Tobias Schwinger <tschwinger <at>> writes:

> Anthony Williams wrote:

> The responsibilities of a Singleton. Citing another post (sorry for the
> redundancy -- I think I'll add a brushed-up version of this list to the
> documentation):
> 1. Making the user implement a class
> 1.1. encourages a well-defined object interface,

Only if people can manage to use one singleton per role.

> 1.2. embraces a design that can easily be changed to use non-globally
> scoped objects instead, and

I disagree there.
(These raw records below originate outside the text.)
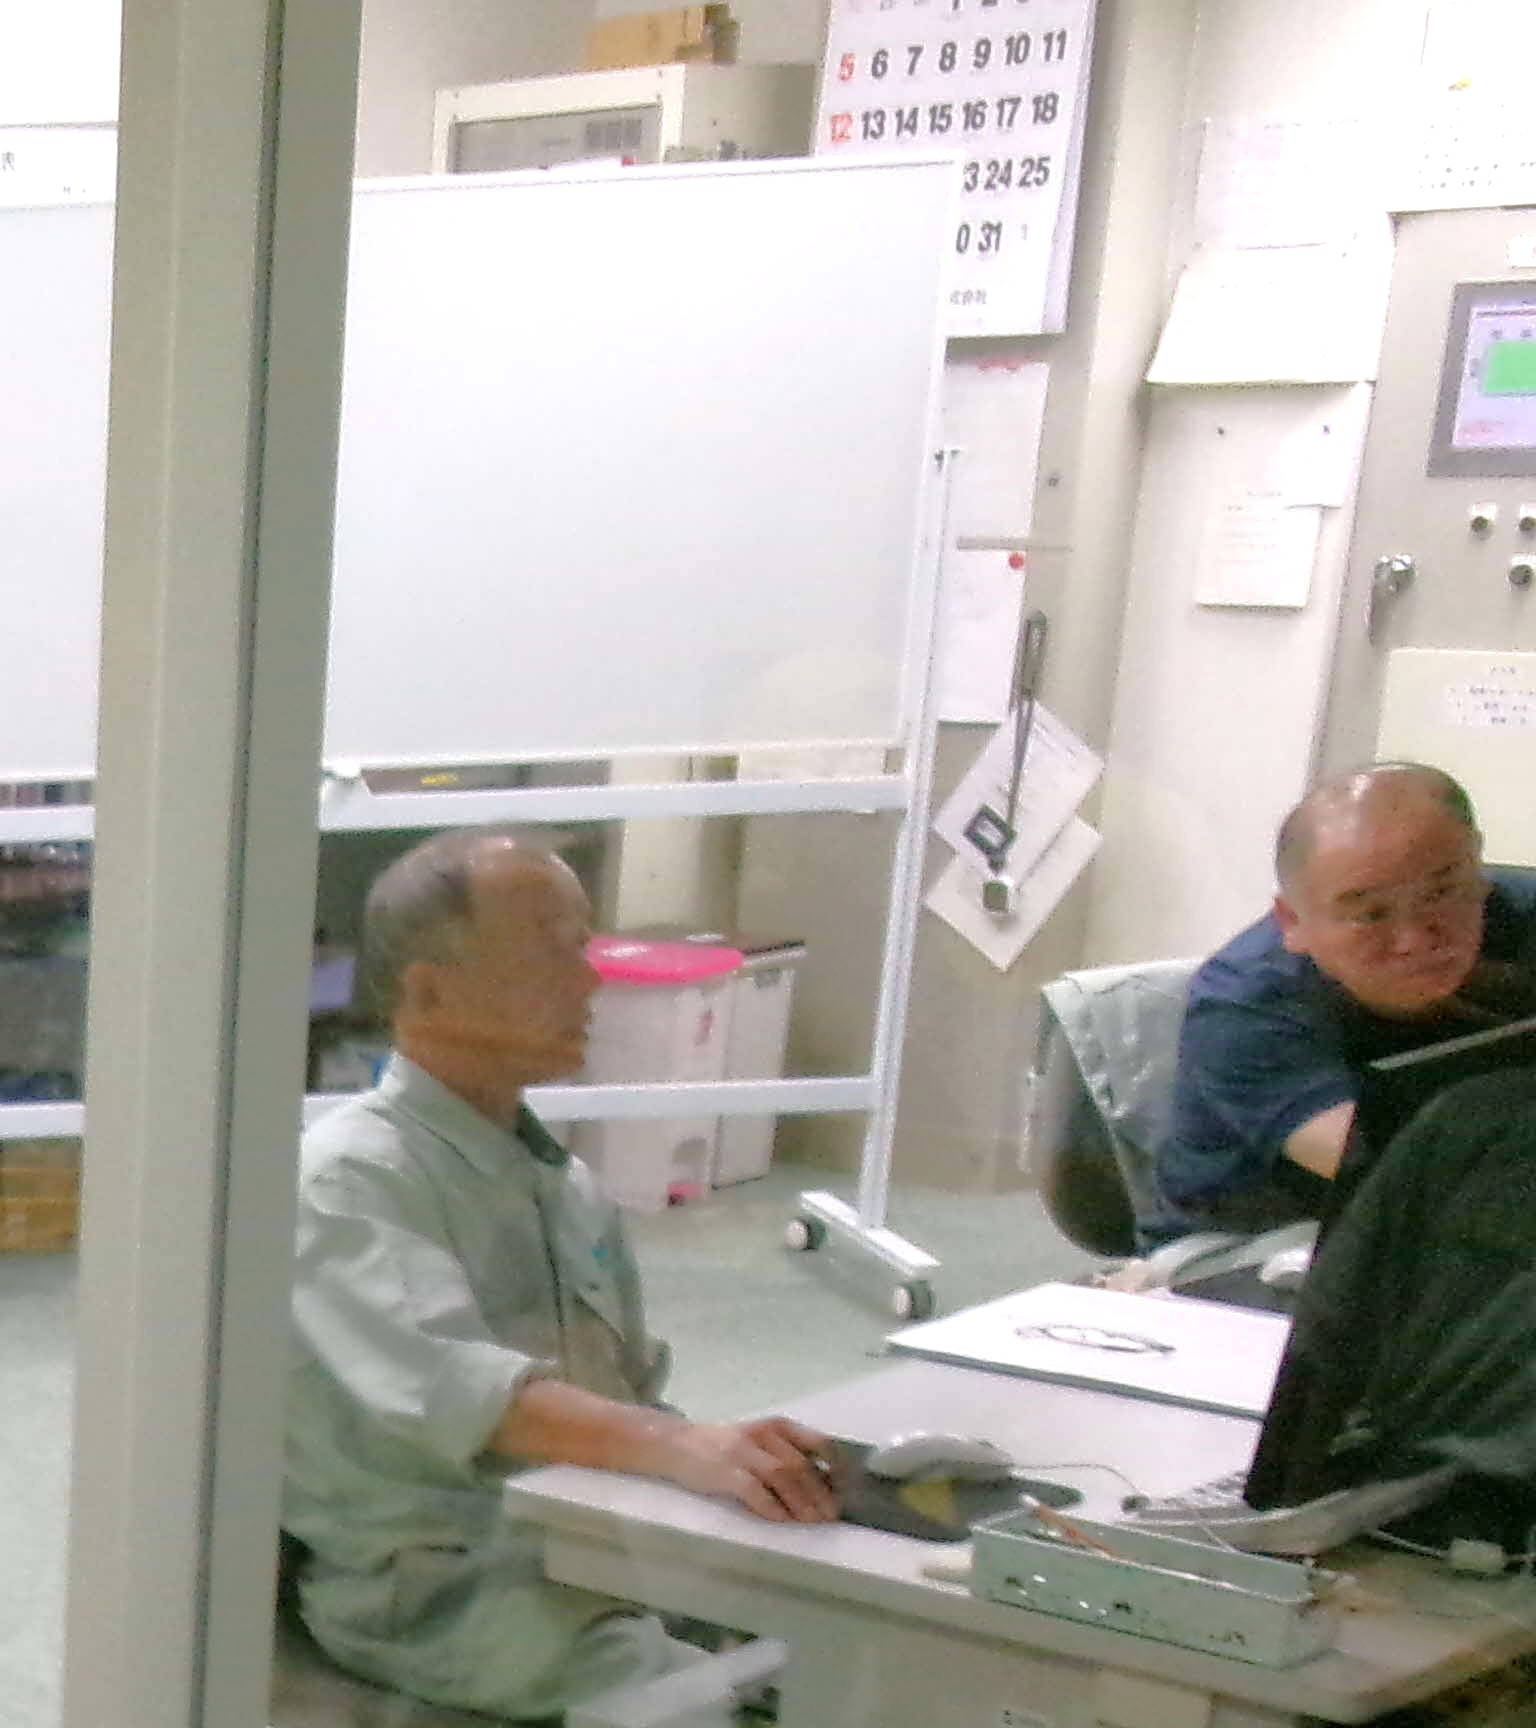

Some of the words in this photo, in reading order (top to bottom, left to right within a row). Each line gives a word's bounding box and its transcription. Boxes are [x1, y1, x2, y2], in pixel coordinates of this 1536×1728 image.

[838, 53, 854, 81] 5
[871, 50, 888, 79] 6
[907, 46, 924, 76] 7
[938, 42, 957, 73] 8
[973, 38, 991, 68] 9
[1004, 32, 1030, 65] 10
[1043, 29, 1067, 61] 11
[830, 113, 853, 143] 12
[862, 110, 886, 140] 13
[895, 107, 919, 136] 14
[928, 103, 952, 133] 15
[962, 100, 986, 130] 16
[996, 97, 1021, 127] 17
[1031, 92, 1059, 124] 18
[962, 162, 978, 193] 3
[984, 160, 1012, 190] 24
[1018, 156, 1050, 187] 25
[955, 223, 970, 254] 0
[978, 221, 1003, 252] 31
Uses of singletons cannot easily be changed to use
non-globally scoped objects.

> 1.3. prevents pollution of the global namespace.

Not really: you have to provide a class name rather than a variable name.
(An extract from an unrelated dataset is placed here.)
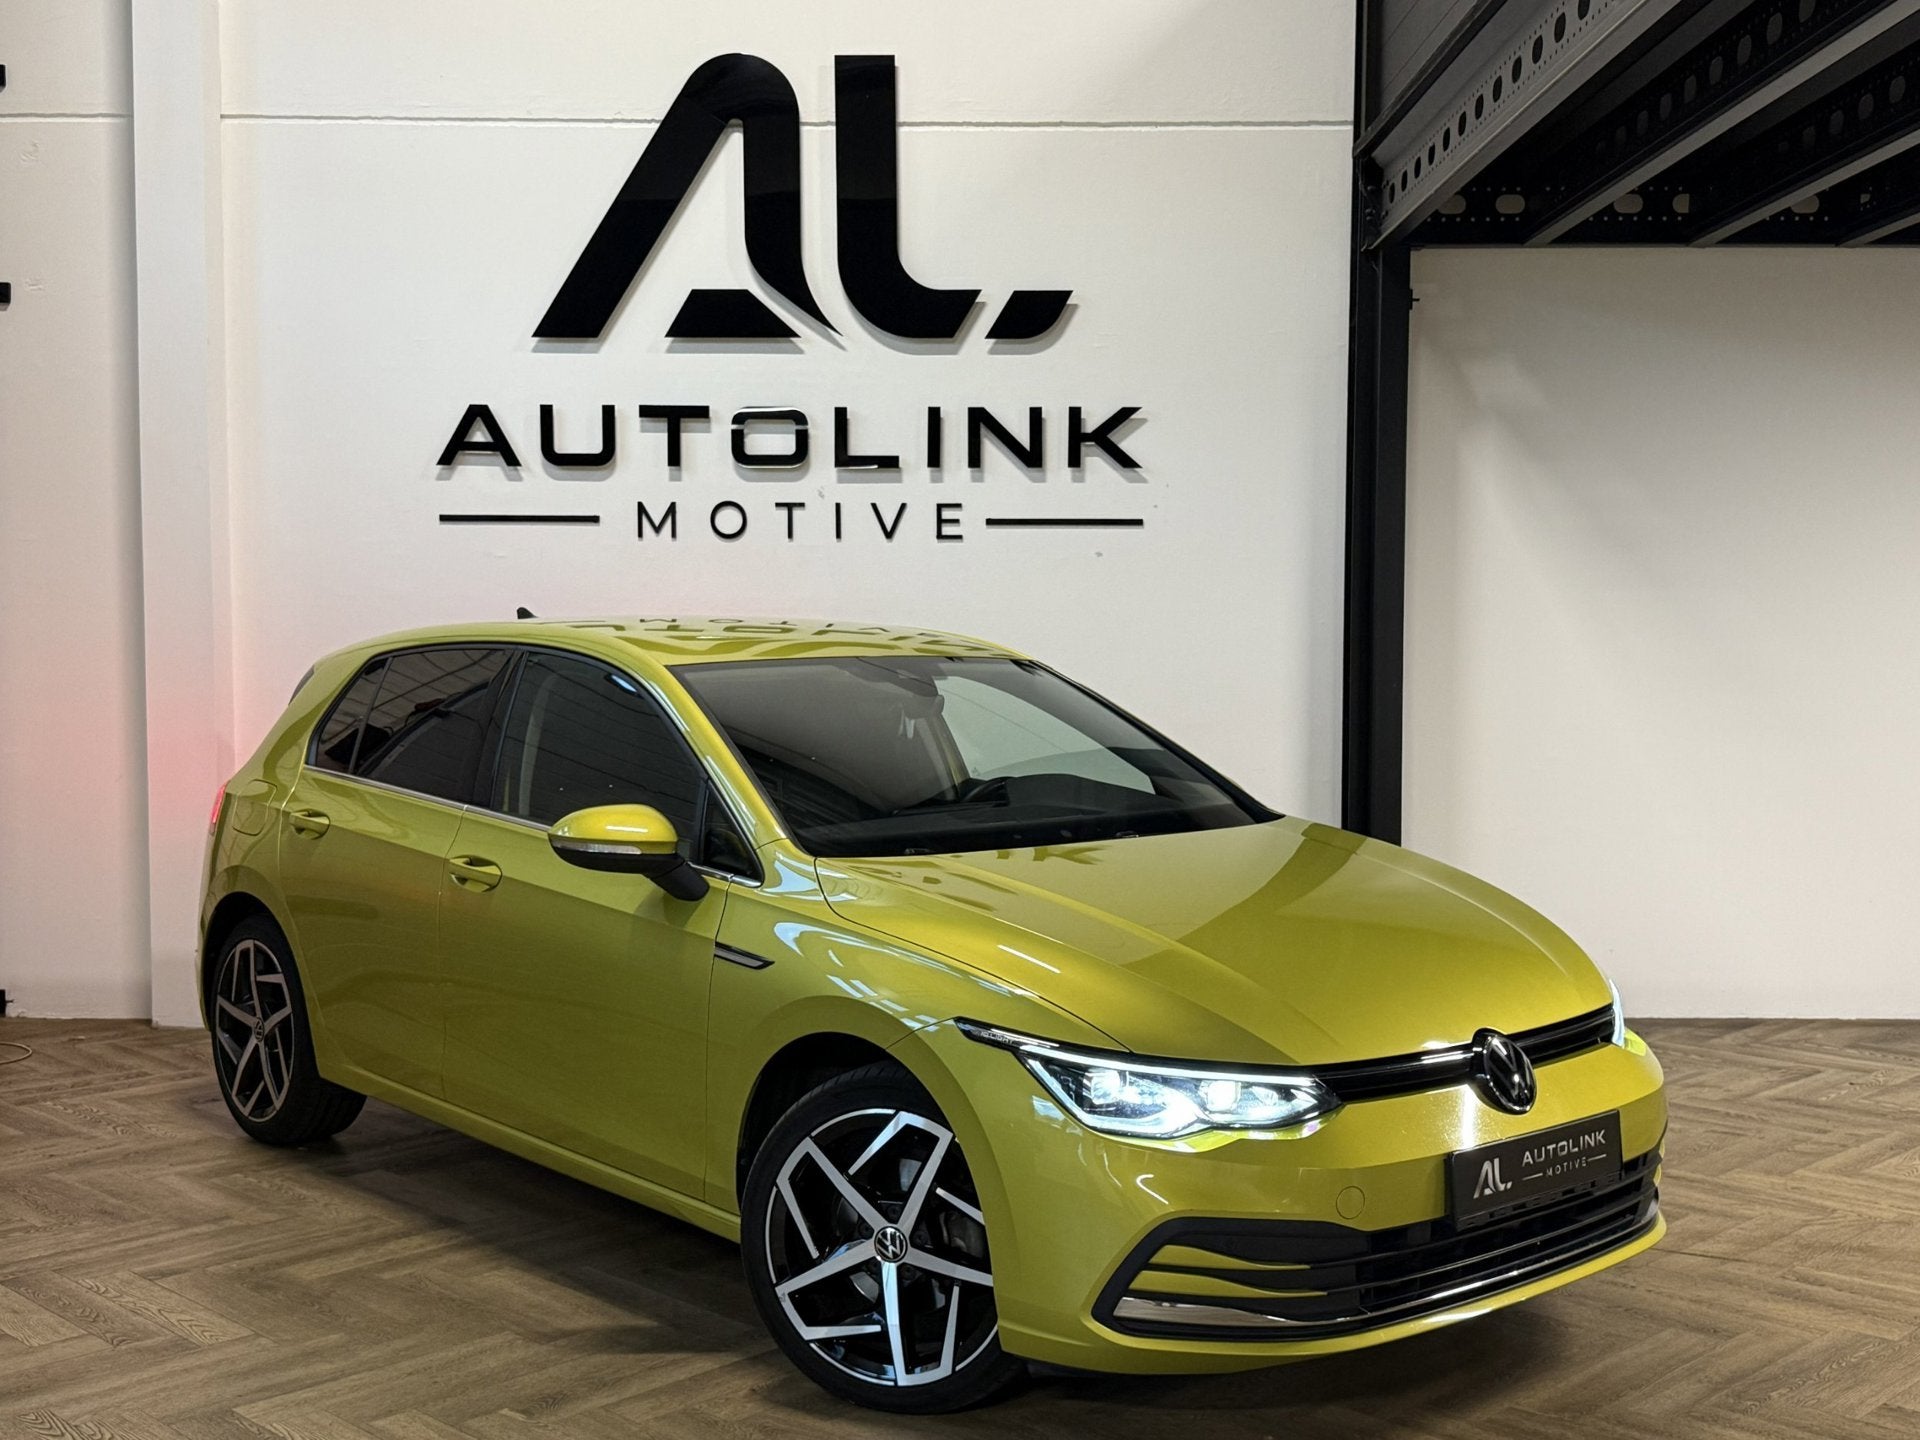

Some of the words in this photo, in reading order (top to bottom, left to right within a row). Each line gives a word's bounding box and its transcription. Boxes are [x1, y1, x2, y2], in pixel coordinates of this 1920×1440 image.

[436, 403, 1144, 469] AUTOLINK
[636, 500, 964, 540] MOTIVE
[1521, 1129, 1606, 1168] AUTOLINK
[1545, 1156, 1588, 1178] MOTIVE
> 2. Providing on-demand initialization
> 2.1. makes non-trivial construction work with any ABI's shared libs, and
> 2.2. automatically resolves dependencies between Singletons.

As I mentioned before, this is orthogonal to Singleton: the responsibility of
singleton is to ensure there is one and only one instance, not to provide
on-demand initialization. This is also easily provided by other means.
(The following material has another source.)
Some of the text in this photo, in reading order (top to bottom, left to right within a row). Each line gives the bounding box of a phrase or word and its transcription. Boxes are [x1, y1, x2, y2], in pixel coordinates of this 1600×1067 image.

> 3. Ensuring a single instance of the Singleton class
> 3.1. allows to properly model unique facilities (hardware, registries,
> etc.) in an object oriented fashion, and

This is the crux of the matter. Just because there is only one printer, doesn't
mean that you have to enforce a single instance of the Printer class. Just
create one instance, and pass it down with dependency injection.

> 3.2. allows to encapsulate a well-defined access point in the first
> place.

It might be well-defined, but I'd argue that it's not well-designed.
> >
> >>> I've written code that used singletons (and regretted it later), and used
> >>> code that other people have written containing singletons.
> >> So you should like this library: The design chosen allows you to easily
> >> substitute Singletons with Smart Pointers.
> >
> > I disagree. If people know something is a singleton, then they don't bother
> > keep the reference around, as they can get it again later. Changing code
> > that
> > does that to code that can use a passed in instance requires adding
> > parameters
> > and/or storing references. You can't just change uses of a singleton to use a
> > smart pointer instead without thought to *how* it's being used.
> I won't argue on this one. I can imagine that having to refactor a mess
> like this is a most unpleasant experience.
> Still it's not the fault of the Singletons but of developer's laziness:
> At least the developers in the project you mention had a choice whether
> to write flexible code or not. With globals and static functions, they
> wouldn't have had a choice but to make a mess.

Singletons *are* globals.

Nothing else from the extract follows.